Juan memang cerdas namun kurang kuat dan masih memiliki sedikit pengalaman. Emran sempat bertemu dengan pria itu di lapangan Golf kemarin. Juan kurang kompetitif bahkan masih bau kencur di dunia bisnis. Ini akan membuat permainannya akan semakin seru. Emran akan memberi peringatan dan ucapan selamat untuk Juan. Ia dengar anak manja itu baru saja bertunangan.

Menantang Ferdinant yang lemah tak seru lagi, lebih baik mengalihkan dendamnya ke Juan yang setara dengan usianya. Permainan ini akan berjalan seru. Emran akan tahu seberapa gigihnya mental Juan. Apa pria itu akan mengompol dan menangis lalu mengadu pada ayahnya yang tidak bedaya. 

Sedang Gendhis telah berhasil melaksanakan rencananya. Melepas alat kontrasepsi tanpa Emran tahu. Soal Bima ia dapat mengurusnya, Gendhis mengatakan bahwa ke rumah sakit untuk mengecek kesehatan. Untung saja pria itu percaya. Masalahnya dengan Mitha menunggu juga dibereskan namun begitu sampai ke toko. Gendhis malah mendapati Mitha yang duduk menunggunya sambil membawa sebuah surat.

“Aku mau mengundurkan diri.”

“Mit...” Mohon Gendhis. Bagaimana bisa membiarkan Mitha ke luar. Mereka membangun toko bersama, memilih karyawan bersama. Toko sudah besar dilengkapi dengan food court di depan, Itu juga berkat kegigihan dan kerja keras Mitha.

“Ndhis, ini surat pengunduran diri aku.”

Gendhis tidak menerimanya, jelas ia tak bisa membiarkan Mitha di rumah dan menjadi pengangguran. Mitha dulu kerap bercerita jika di rumah, ia akan disuruh oleh ibunya serta harus menghadapi saudara lelakinya yang malas dan menyebalkan. “Aku gak terima kamu mundur. Persahabatan kita terhempas Cuma gara-0gara cowok Mit. Cowok yang baru aja kita kenal.” Mitha juga sadar keputusannya ini terasa gegabah namun ia ragu Gendhis akan memaafkannya setelah perkataan Mitha yang sangat keterlaluan kemarin. “Jangan tinggalin gue ya Mit. Lo boleh ambil cuti selama yang lo mau tapi jangan mengundurkan diri.”

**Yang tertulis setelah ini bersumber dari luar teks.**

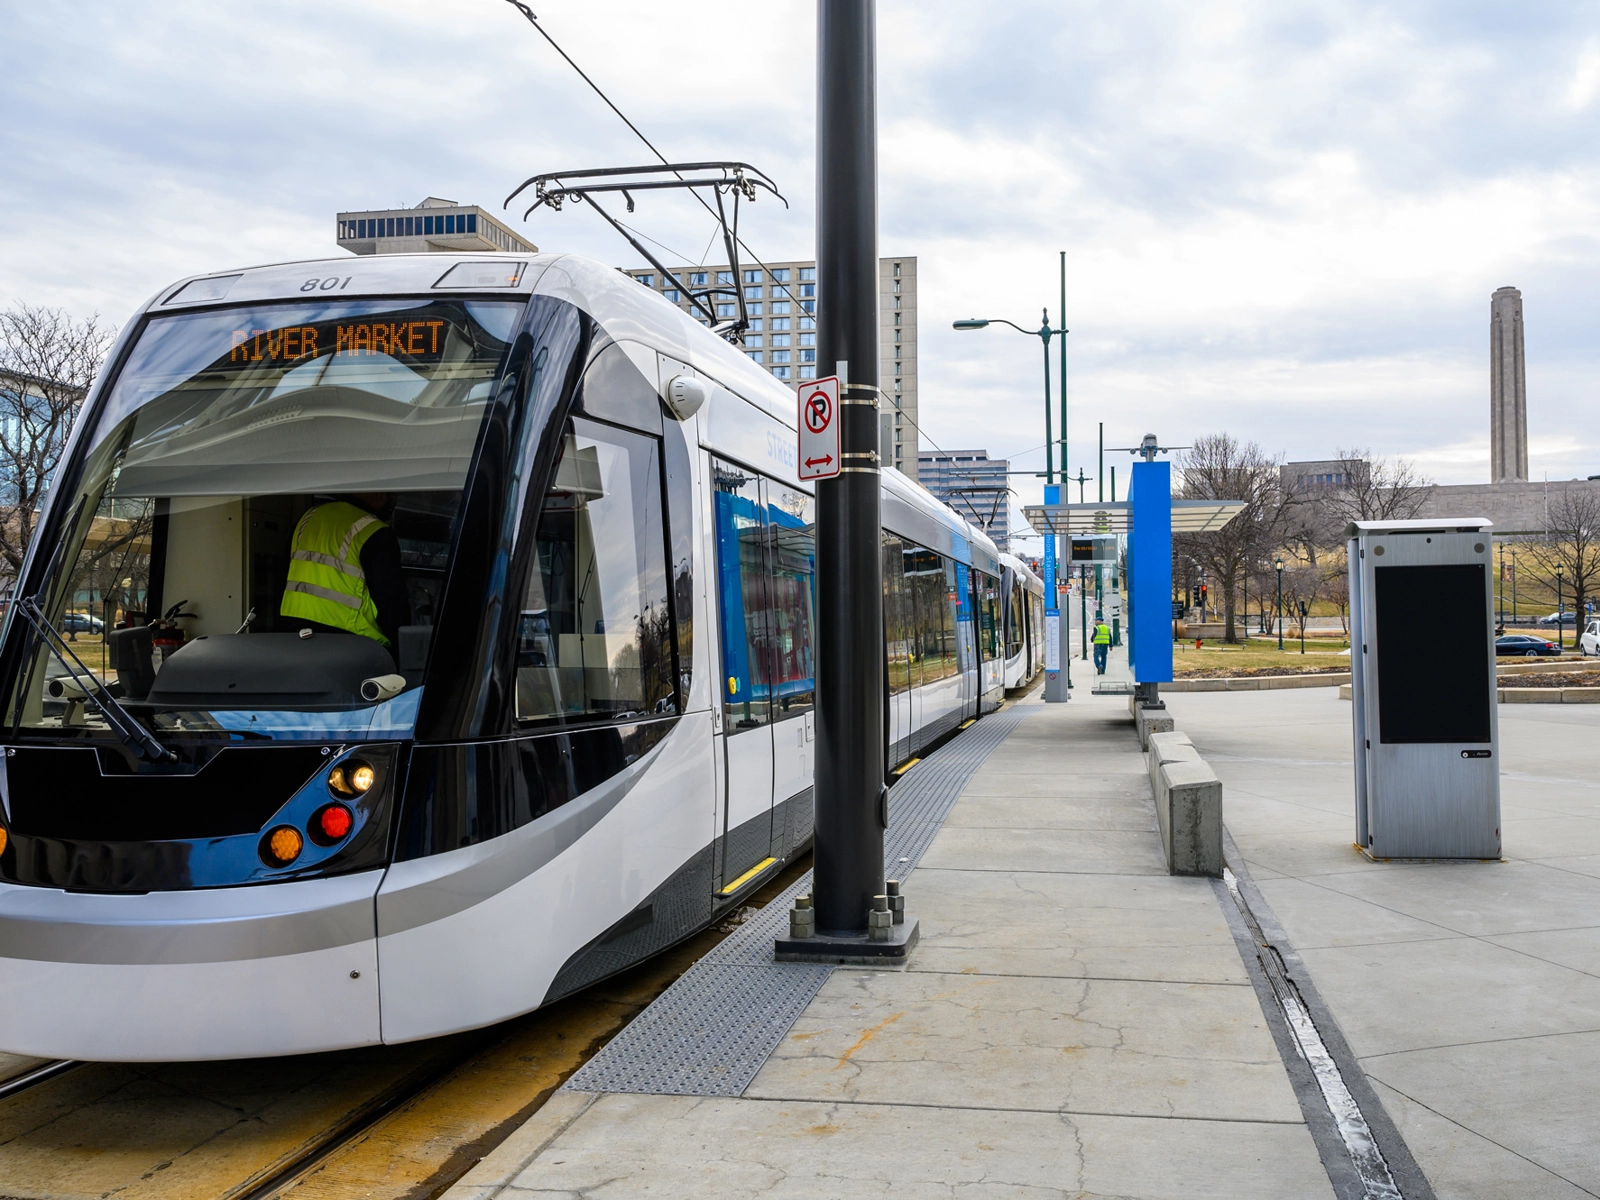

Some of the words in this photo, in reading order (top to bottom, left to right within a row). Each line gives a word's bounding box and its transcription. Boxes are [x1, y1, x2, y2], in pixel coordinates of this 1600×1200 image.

Mitha menggigit bibir, ia ingin menangis. Yang Gendhis bilang ada benarnya setlah makan siang itu Darius tidak menghubunginya sama sekali malah nomer Mitha sepertinya pria itu blok namun ia malu mengakui kalau apa yang Gendhis ucap benar. “Ndhis, gue minta maaf. Pikiran gue terlalu sempit. Lo bener, Darius Cuma mau main-main.”

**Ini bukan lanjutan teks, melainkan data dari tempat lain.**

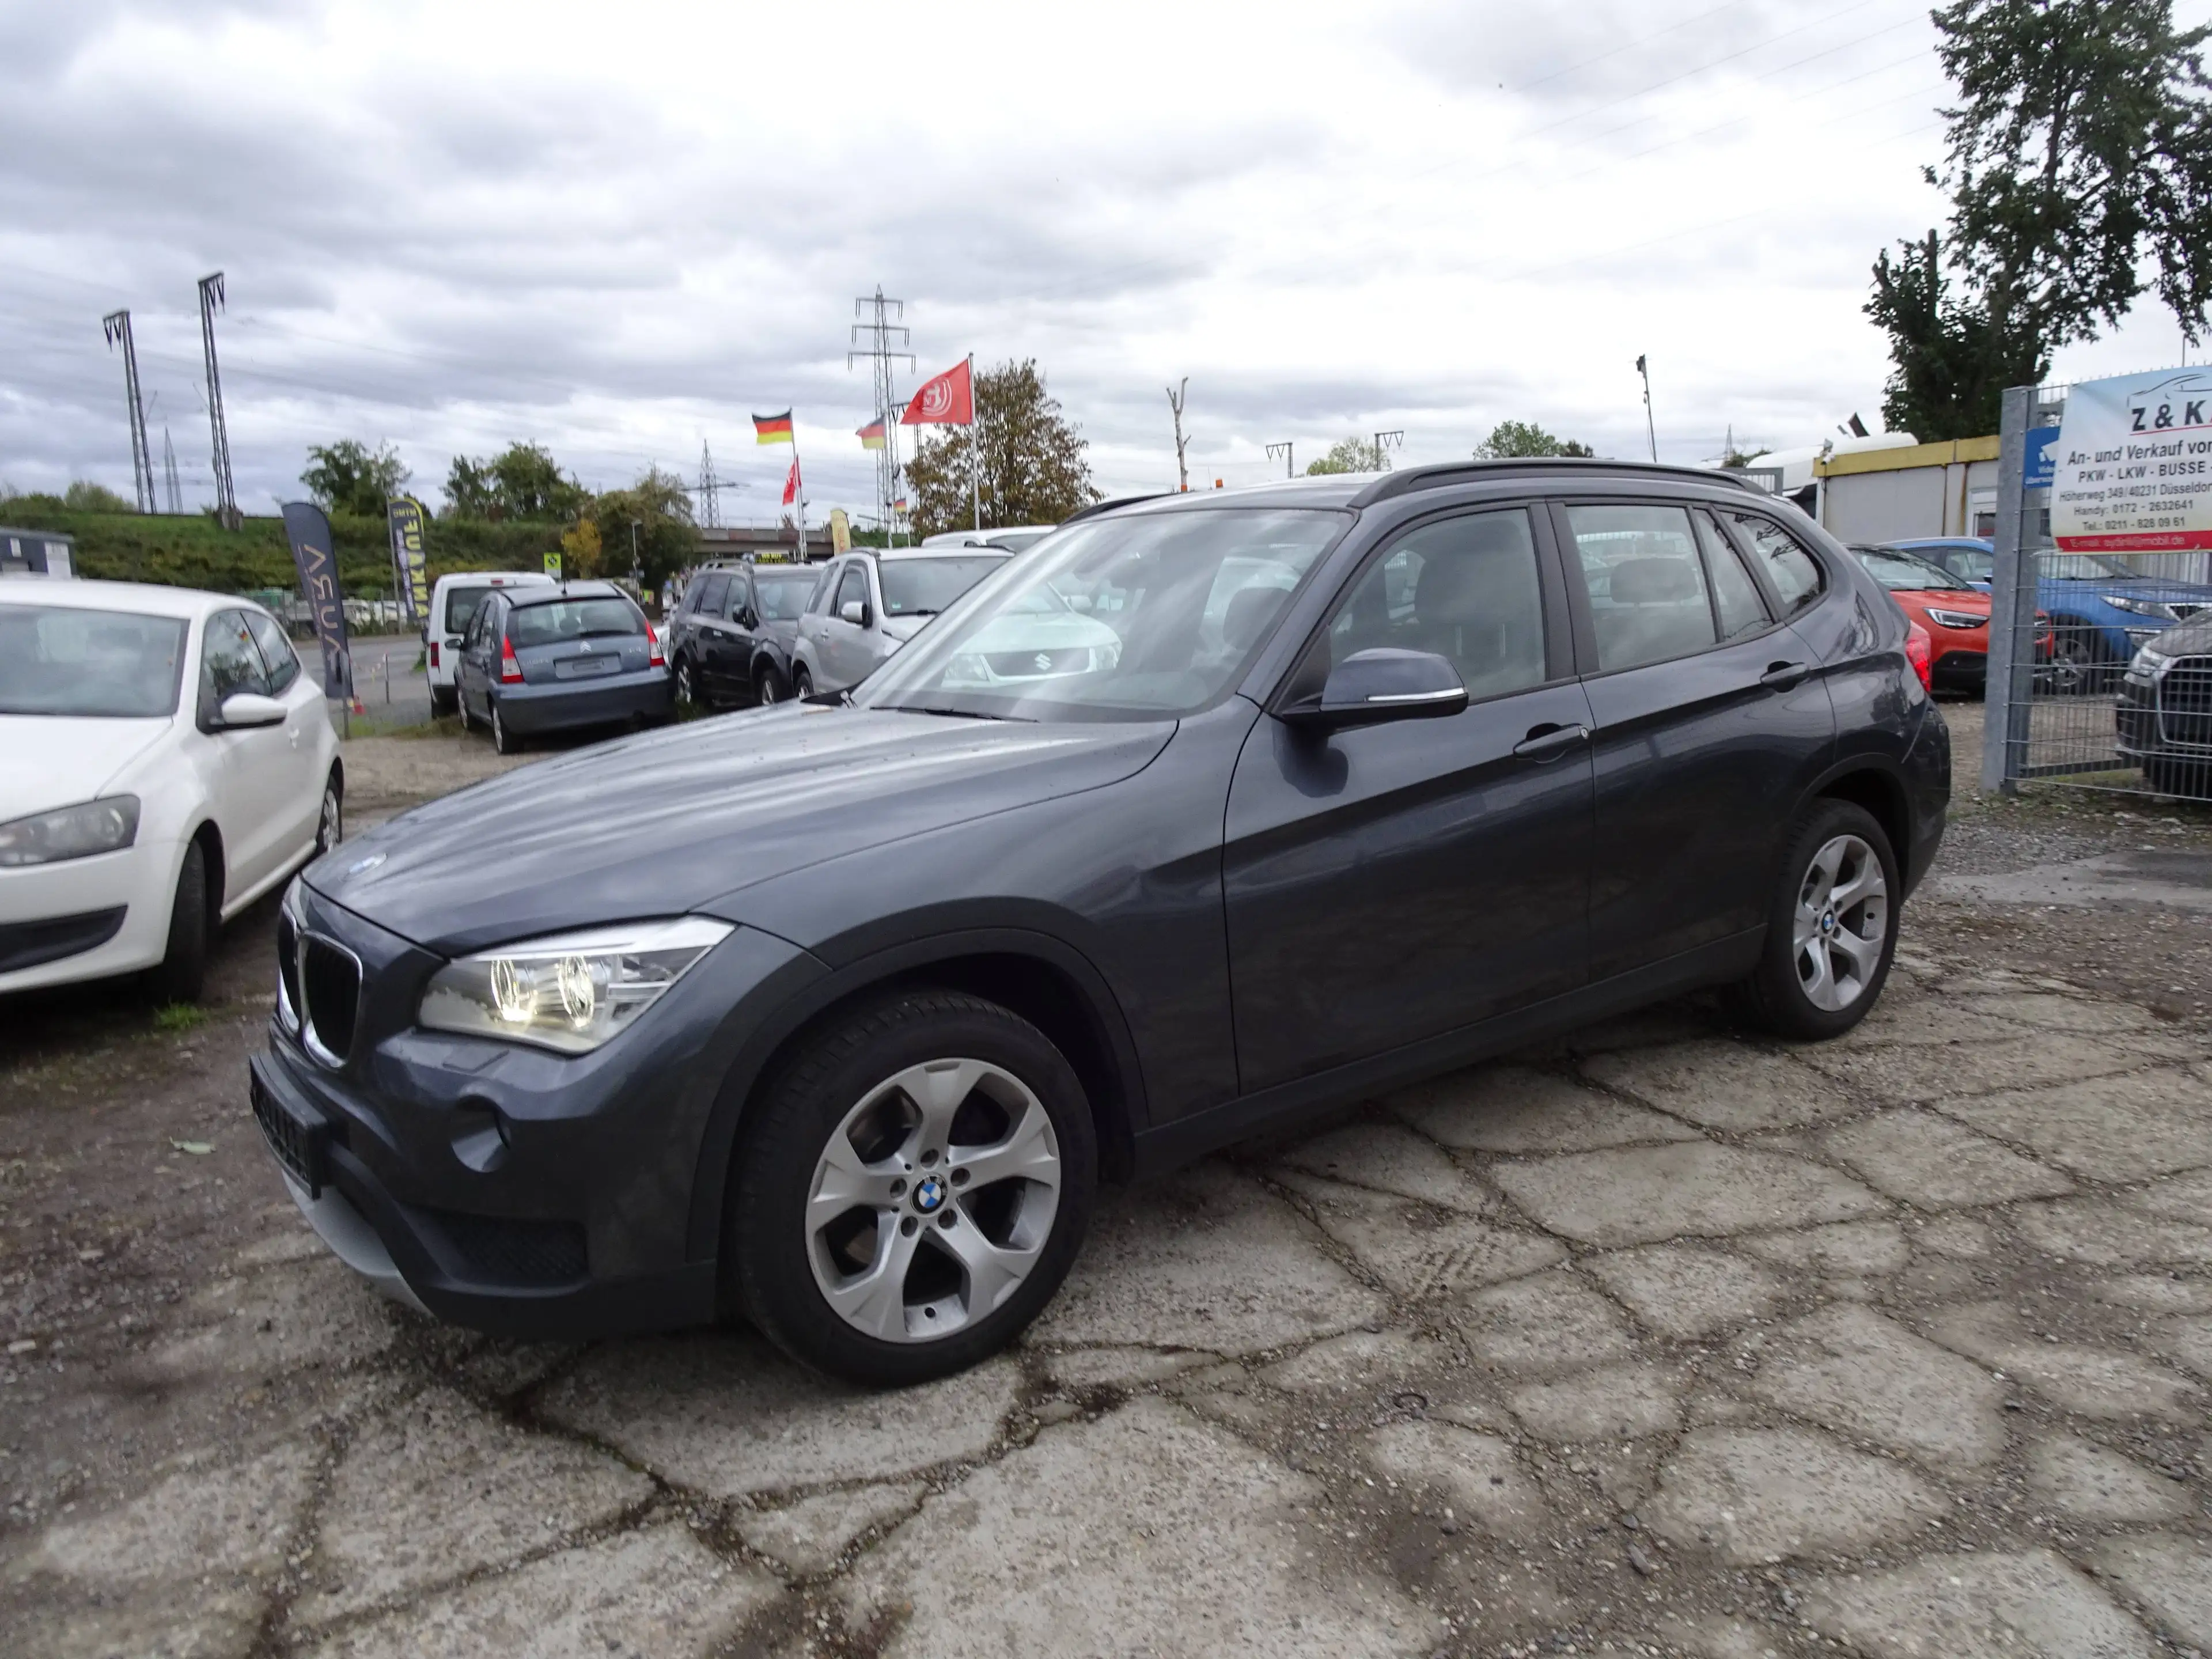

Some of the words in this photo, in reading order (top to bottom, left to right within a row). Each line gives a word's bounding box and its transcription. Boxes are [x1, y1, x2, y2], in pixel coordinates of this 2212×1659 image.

[2132, 407, 2146, 431] Z
[2155, 404, 2175, 429] &
[2184, 400, 2207, 426] K
[2067, 451, 2091, 466] An-
[2095, 446, 2123, 463] und
[2127, 440, 2184, 460] Verkauf
[2078, 469, 2106, 483] PKW
[2118, 466, 2147, 480] LKW
[2159, 461, 2206, 476] BUSSE

“Perkataan gue kemarin itu omongan tolol Mit.”

“Bukan. Gue yang tolol.”

Kedua wanita itu saling berpelukan sambil menggumamkan maaf berkali-kali. Persahabatan mereka sudah berlangsung lama dan terguncang Cuma masalah sepele. Sayang kan hubungan keduanya kalau rusak setelah berlangsung solid selama puluhan tahun. “Lo gak jadi mengundurkan diri kan?”

“gak tapi gue mau ambil cuti buat refreshing.”

“Gue kasih asal lo balik bawa oleh-oleh. “

Keduanya tertawa bersama. Ada kalanya hubungan remang diuji dengan cobaan namun saling memaafkan dan mengerti tetap menjadi pilihan terbaik. 

“Nah gitu dong aKur. “ Pamela datang dengan melonggokkan kepala di pintu. Mitha sendiri heran melihat pipi Pamela yang lebam sebelah. 

“Kenapa pipi lo? “

Ditanya begitu Pamela memberengut lalu menatap Gendhis dengan sadis. Yang di amati malah meringis tak enak sambil menggaruk rambut. Meluncurlah cerita yang sebenarnya dari mulut Gendhis bahwa luka Pamela akibat kesalah pahaman semata. 

“Untung suami lo ngasih uang pengobatan gue lumayan banyak jadi gue gak akan memperpanjang masalah.” 

“Idih ngadi-ngadi deh lo. Kalau tahu dikasih banyak mending mukulnya ditambahin. “ ujar Mitha memberi saran. 

“Enak aja kalau ngomong. Muka gue aset. “

“lo hari ini pakai wig padahal lo jadi laki lebih pantes. “ begitulah Pamela dan Mitha jika bertemu. Keduanya tidak akur bahkan akan memperpanjang masa perdebatan. 

“kenapa gue cakep kan kalau jadi laki! “

“IIh najis! Ndhis lo kok mau sih bantuin di depan ibunya. Biar aja ibunya tahu kelakuannya, biar dia cepet tobatnya.”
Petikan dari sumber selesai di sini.